La conclusion d'un pacte civil de solidarité par une personne en tutelle est soumise à l'autorisation du juge ou du conseil de famille s'il a été constitué, après audition des futurs partenaires et recueil, le cas échéant, de l'avis des parents et de l'entourage.
L'intéressé est assisté de son tuteur lors de la signature de la convention. Aucune assistance ni représentation ne sont requises lors de la déclaration conjointe devant l'officier de l'état civil ou devant le notaire instrumentaire prévue au premier alinéa de l'article 515-3.
Les dispositions des alinéas précédents sont applicables en cas de modification de la convention.
La personne en tutelle peut rompre le pacte civil de solidarité par déclaration conjointe ou par décision unilatérale. La formalité de signification prévue au cinquième alinéa de l'article 515-7 est opérée à la diligence du tuteur. Lorsque l'initiative de la rupture émane de l'autre partenaire, cette signification est faite à la personne du tuteur.

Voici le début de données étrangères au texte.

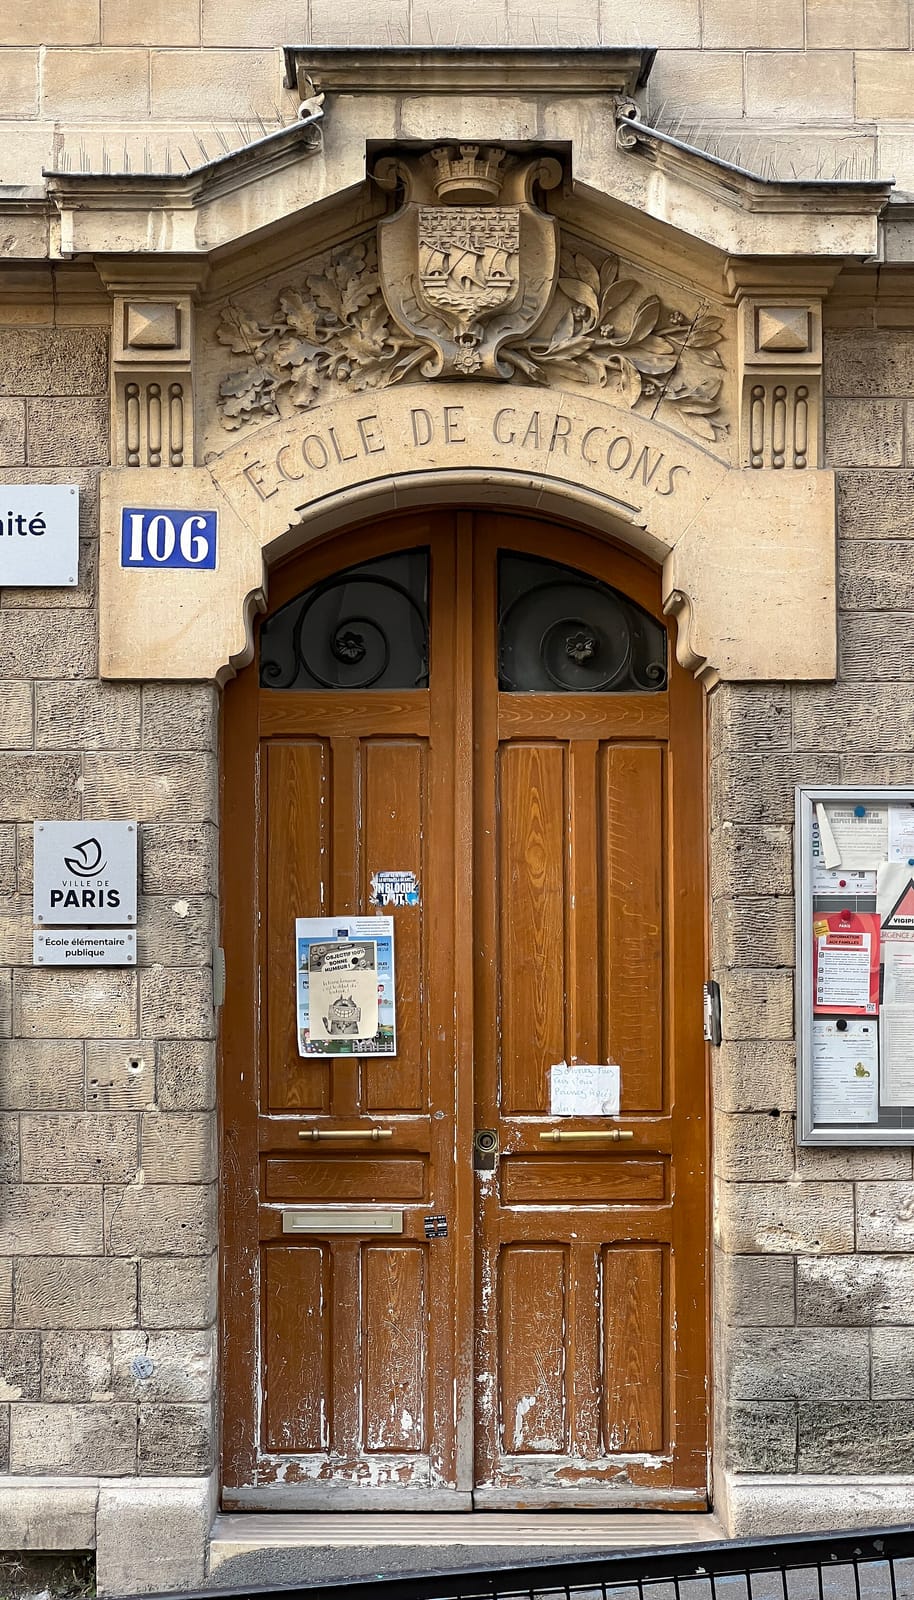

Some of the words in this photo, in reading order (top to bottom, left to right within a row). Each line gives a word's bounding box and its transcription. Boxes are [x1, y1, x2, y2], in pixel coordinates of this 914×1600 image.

La rupture unilatérale du pacte civil de solidarité peut également intervenir sur l'initiative du tuteur, autorisé par le juge ou le conseil de famille s'il a été constitué, après audition de l'intéressé et recueil, le cas échéant, de l'avis des parents et de l'entourage.
Aucune assistance ni représentation ne sont requises pour l'accomplissement des formalités relatives à la rupture par déclaration conjointe.
La personne en tutelle est représentée par son tuteur dans les opérations prévues aux dixième et onzième alinéas de l'article 515-7.
Pour l'application du présent article, le tuteur est réputé en opposition d'intérêts avec la personne protégée lorsque la tutelle est confiée à son partenaire.
Conformément au IV de l'article 48 de la loi n° 2016-1547 du 18 novembre 2016, ces dispositions entrent en vigueur le premier jour du douzième mois suivant la publication de ladite loi. Elles sont applicables aux pactes civils de solidarité conclus à compter de cette date.
Elles sont en outre applicables aux déclarations de modification et de dissolution des pactes civils de solidarité enregistrés avant la date prévue au premier alinéa dudit IV par les greffes des tribunaux d'instance. Ces déclarations sont remises ou adressées à l'officier de l'état civil de la commune du lieu du greffe du tribunal d'instance qui a procédé à l'enregistrement du pacte civil de solidarité.